**** Excerpted data
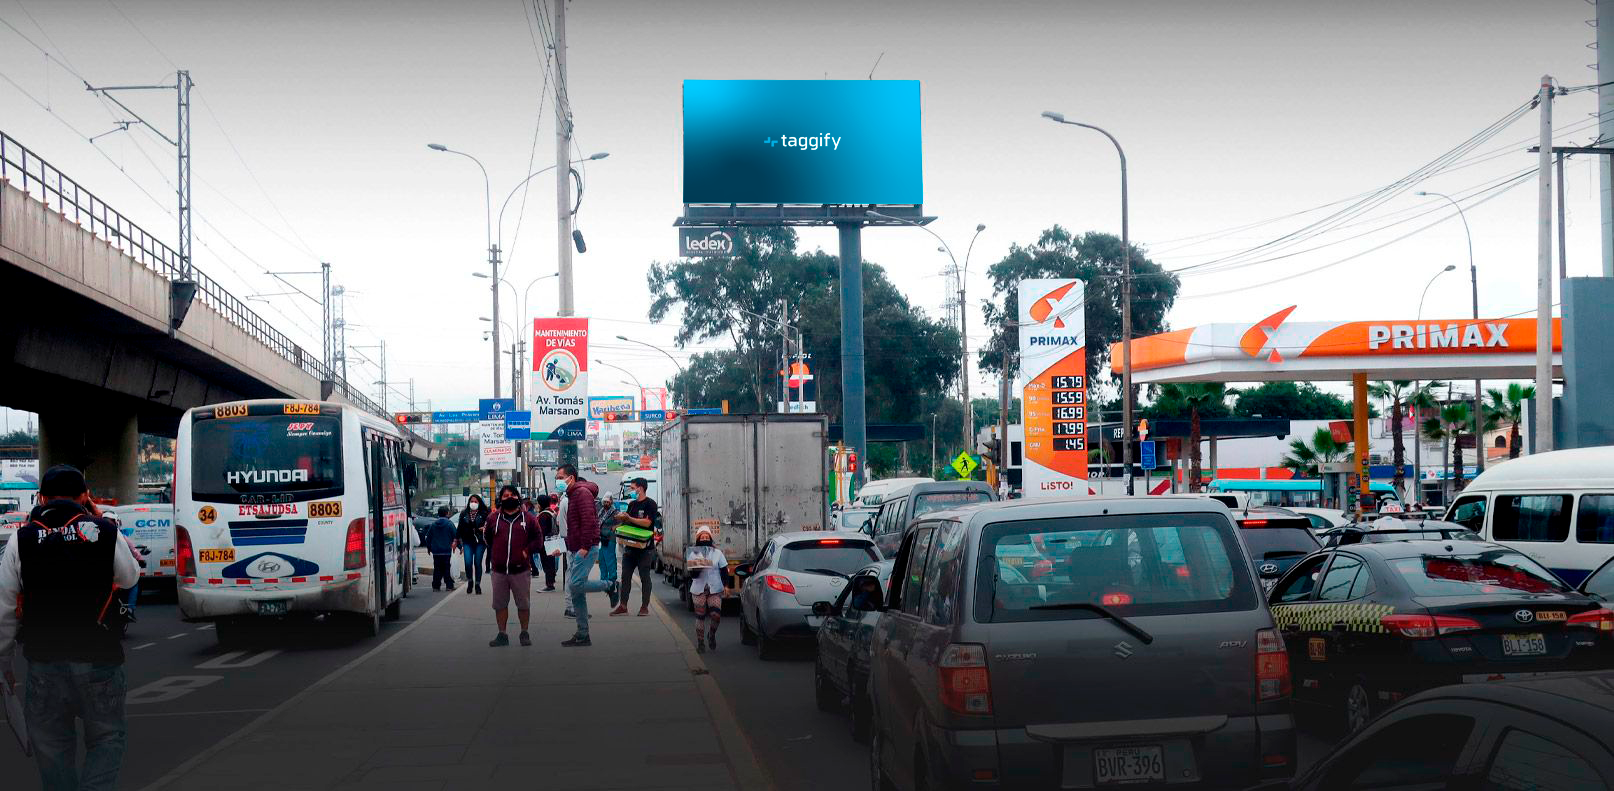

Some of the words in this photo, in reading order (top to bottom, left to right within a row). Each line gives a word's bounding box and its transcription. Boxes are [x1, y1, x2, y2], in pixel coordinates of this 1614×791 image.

[781, 133, 842, 151] taggify
[686, 235, 726, 251] ledex
[535, 329, 587, 337] MANTENIMIENTO
[1369, 325, 1508, 353] PRIMAX
[546, 338, 558, 347] DE
[558, 336, 576, 347] VÍAS
[1030, 335, 1079, 347] PRIMAX
[536, 396, 551, 405] Av.
[553, 395, 584, 405] Tomás
[217, 405, 246, 417] 8803
[284, 404, 319, 413] F8J-784
[539, 406, 580, 416] Marsano
[227, 469, 308, 484] HYUNDAI
[1041, 481, 1074, 493] LiSTO!
[200, 509, 215, 522] 34
[239, 504, 298, 516] ETSAJUDSA
[309, 503, 340, 517] 8803
[135, 519, 170, 527] GCM
[199, 550, 234, 561] F8J-784
[1219, 640, 1248, 649] APV
[1503, 638, 1544, 652] BLI-158
[1097, 754, 1161, 778] BVR-396
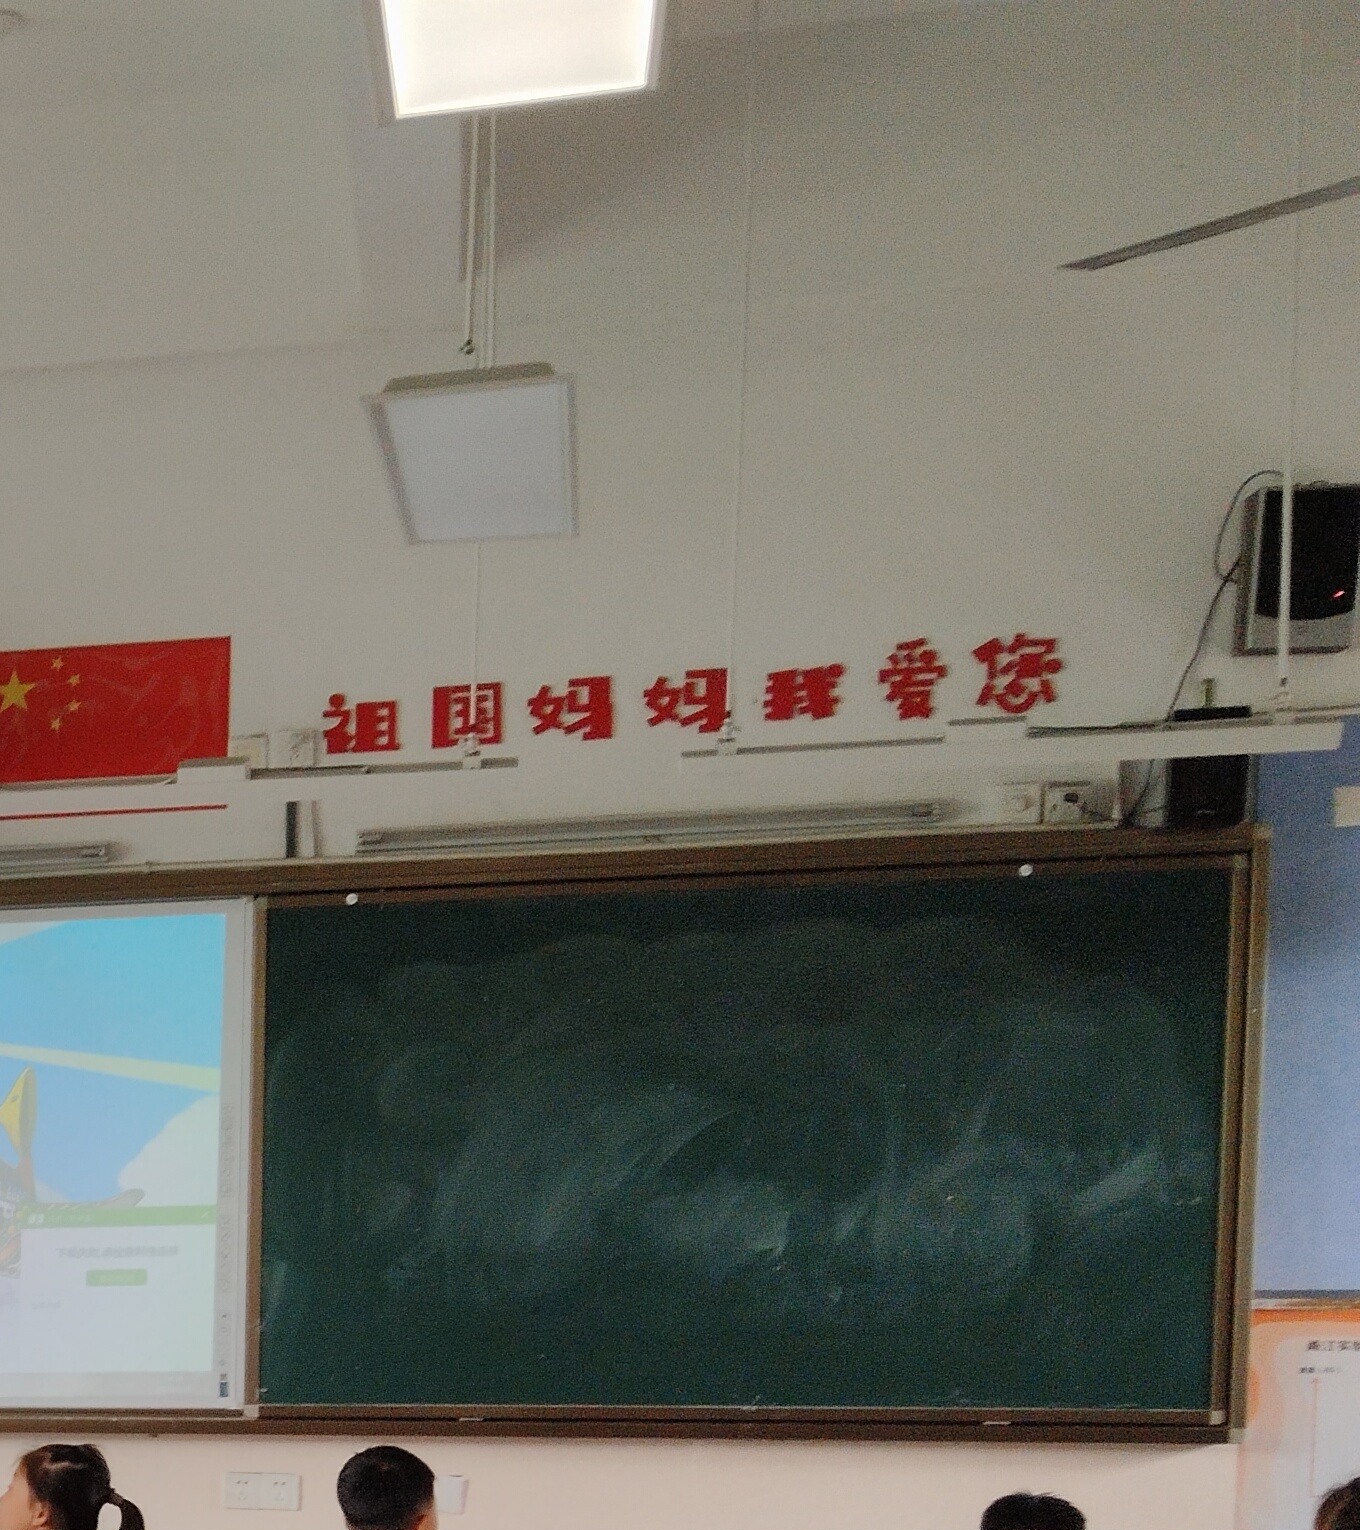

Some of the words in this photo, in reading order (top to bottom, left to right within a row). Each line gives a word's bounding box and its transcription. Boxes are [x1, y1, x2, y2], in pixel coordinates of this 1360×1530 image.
********
Print each of the records above exactly as written, leaving no picture in the copy.

Some of the words in this photo, in reading order (top to bottom, left to right within a row). Each line gives a word's bounding box and its transcription. Boxes are [x1, y1, x2, y2], in pixel coordinates of this 1614×791 image.

[781, 133, 842, 151] taggify
[686, 235, 726, 251] ledex
[535, 329, 587, 337] MANTENIMIENTO
[1369, 325, 1508, 353] PRIMAX
[546, 338, 558, 347] DE
[558, 336, 576, 347] VÍAS
[1030, 335, 1079, 347] PRIMAX
[536, 396, 551, 405] Av.
[553, 395, 584, 405] Tomás
[217, 405, 246, 417] 8803
[284, 404, 319, 413] F8J-784
[539, 406, 580, 416] Marsano
[227, 469, 308, 484] HYUNDAI
[1041, 481, 1074, 493] LiSTO!
[200, 509, 215, 522] 34
[239, 504, 298, 516] ETSAJUDSA
[309, 503, 340, 517] 8803
[135, 519, 170, 527] GCM
[199, 550, 234, 561] F8J-784
[1219, 640, 1248, 649] APV
[1503, 638, 1544, 652] BLI-158
[1097, 754, 1161, 778] BVR-396

Some of the words in this photo, in reading order (top to bottom, left to right within a row). Each line gives a word's bounding box and its transcription. Boxes are [x1, y1, x2, y2], in pixel coordinates of this 1360×1530 image.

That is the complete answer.